__Directions__: Your task is to give the data again, exactly, with every line intact.

__Task material__:
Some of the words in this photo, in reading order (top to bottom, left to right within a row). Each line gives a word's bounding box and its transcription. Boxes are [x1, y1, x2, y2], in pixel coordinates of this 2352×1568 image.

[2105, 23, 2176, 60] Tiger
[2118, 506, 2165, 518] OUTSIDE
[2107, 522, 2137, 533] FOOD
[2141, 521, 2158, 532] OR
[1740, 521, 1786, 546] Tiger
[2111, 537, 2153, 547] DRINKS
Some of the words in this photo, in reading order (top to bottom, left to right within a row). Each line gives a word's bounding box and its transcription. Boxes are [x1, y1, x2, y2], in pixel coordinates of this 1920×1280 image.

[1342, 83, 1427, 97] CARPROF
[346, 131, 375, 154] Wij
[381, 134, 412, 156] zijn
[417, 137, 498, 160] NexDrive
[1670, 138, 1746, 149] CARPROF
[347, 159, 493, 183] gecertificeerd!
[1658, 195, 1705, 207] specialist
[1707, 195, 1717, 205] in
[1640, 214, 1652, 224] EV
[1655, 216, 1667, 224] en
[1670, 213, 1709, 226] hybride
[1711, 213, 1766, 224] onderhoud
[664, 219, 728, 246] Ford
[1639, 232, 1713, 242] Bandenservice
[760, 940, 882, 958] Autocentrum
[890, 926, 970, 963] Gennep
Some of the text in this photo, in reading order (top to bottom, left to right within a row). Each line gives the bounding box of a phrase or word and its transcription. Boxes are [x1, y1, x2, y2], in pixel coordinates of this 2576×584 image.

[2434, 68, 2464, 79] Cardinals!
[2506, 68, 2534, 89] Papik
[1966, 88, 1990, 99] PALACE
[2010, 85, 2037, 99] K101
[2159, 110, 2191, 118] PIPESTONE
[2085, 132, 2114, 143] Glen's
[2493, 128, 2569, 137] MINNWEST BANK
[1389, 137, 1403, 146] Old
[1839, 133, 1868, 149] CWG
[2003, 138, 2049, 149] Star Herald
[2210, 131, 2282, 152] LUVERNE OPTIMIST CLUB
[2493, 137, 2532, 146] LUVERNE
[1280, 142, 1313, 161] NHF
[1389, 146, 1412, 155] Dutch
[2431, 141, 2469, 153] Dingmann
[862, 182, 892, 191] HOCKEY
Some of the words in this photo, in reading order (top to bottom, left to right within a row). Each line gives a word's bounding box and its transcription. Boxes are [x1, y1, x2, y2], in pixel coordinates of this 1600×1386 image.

__Your response__:
Some of the words in this photo, in reading order (top to bottom, left to right within a row). Each line gives a word's bounding box and its transcription. Boxes are [x1, y1, x2, y2], in pixel coordinates of this 2352×1568 image.

[2105, 23, 2176, 60] Tiger
[2118, 506, 2165, 518] OUTSIDE
[2107, 522, 2137, 533] FOOD
[2141, 521, 2158, 532] OR
[1740, 521, 1786, 546] Tiger
[2111, 537, 2153, 547] DRINKS
Some of the words in this photo, in reading order (top to bottom, left to right within a row). Each line gives a word's bounding box and its transcription. Boxes are [x1, y1, x2, y2], in pixel coordinates of this 1920×1280 image.

[1342, 83, 1427, 97] CARPROF
[346, 131, 375, 154] Wij
[381, 134, 412, 156] zijn
[417, 137, 498, 160] NexDrive
[1670, 138, 1746, 149] CARPROF
[347, 159, 493, 183] gecertificeerd!
[1658, 195, 1705, 207] specialist
[1707, 195, 1717, 205] in
[1640, 214, 1652, 224] EV
[1655, 216, 1667, 224] en
[1670, 213, 1709, 226] hybride
[1711, 213, 1766, 224] onderhoud
[664, 219, 728, 246] Ford
[1639, 232, 1713, 242] Bandenservice
[760, 940, 882, 958] Autocentrum
[890, 926, 970, 963] Gennep
Some of the text in this photo, in reading order (top to bottom, left to right within a row). Each line gives the bounding box of a phrase or word and its transcription. Boxes are [x1, y1, x2, y2], in pixel coordinates of this 2576×584 image.

[2434, 68, 2464, 79] Cardinals!
[2506, 68, 2534, 89] Papik
[1966, 88, 1990, 99] PALACE
[2010, 85, 2037, 99] K101
[2159, 110, 2191, 118] PIPESTONE
[2085, 132, 2114, 143] Glen's
[2493, 128, 2569, 137] MINNWEST BANK
[1389, 137, 1403, 146] Old
[1839, 133, 1868, 149] CWG
[2003, 138, 2049, 149] Star Herald
[2210, 131, 2282, 152] LUVERNE OPTIMIST CLUB
[2493, 137, 2532, 146] LUVERNE
[1280, 142, 1313, 161] NHF
[1389, 146, 1412, 155] Dutch
[2431, 141, 2469, 153] Dingmann
[862, 182, 892, 191] HOCKEY
Some of the words in this photo, in reading order (top to bottom, left to right within a row). Each line gives a word's bounding box and its transcription. Boxes are [x1, y1, x2, y2], in pixel coordinates of this 1600×1386 image.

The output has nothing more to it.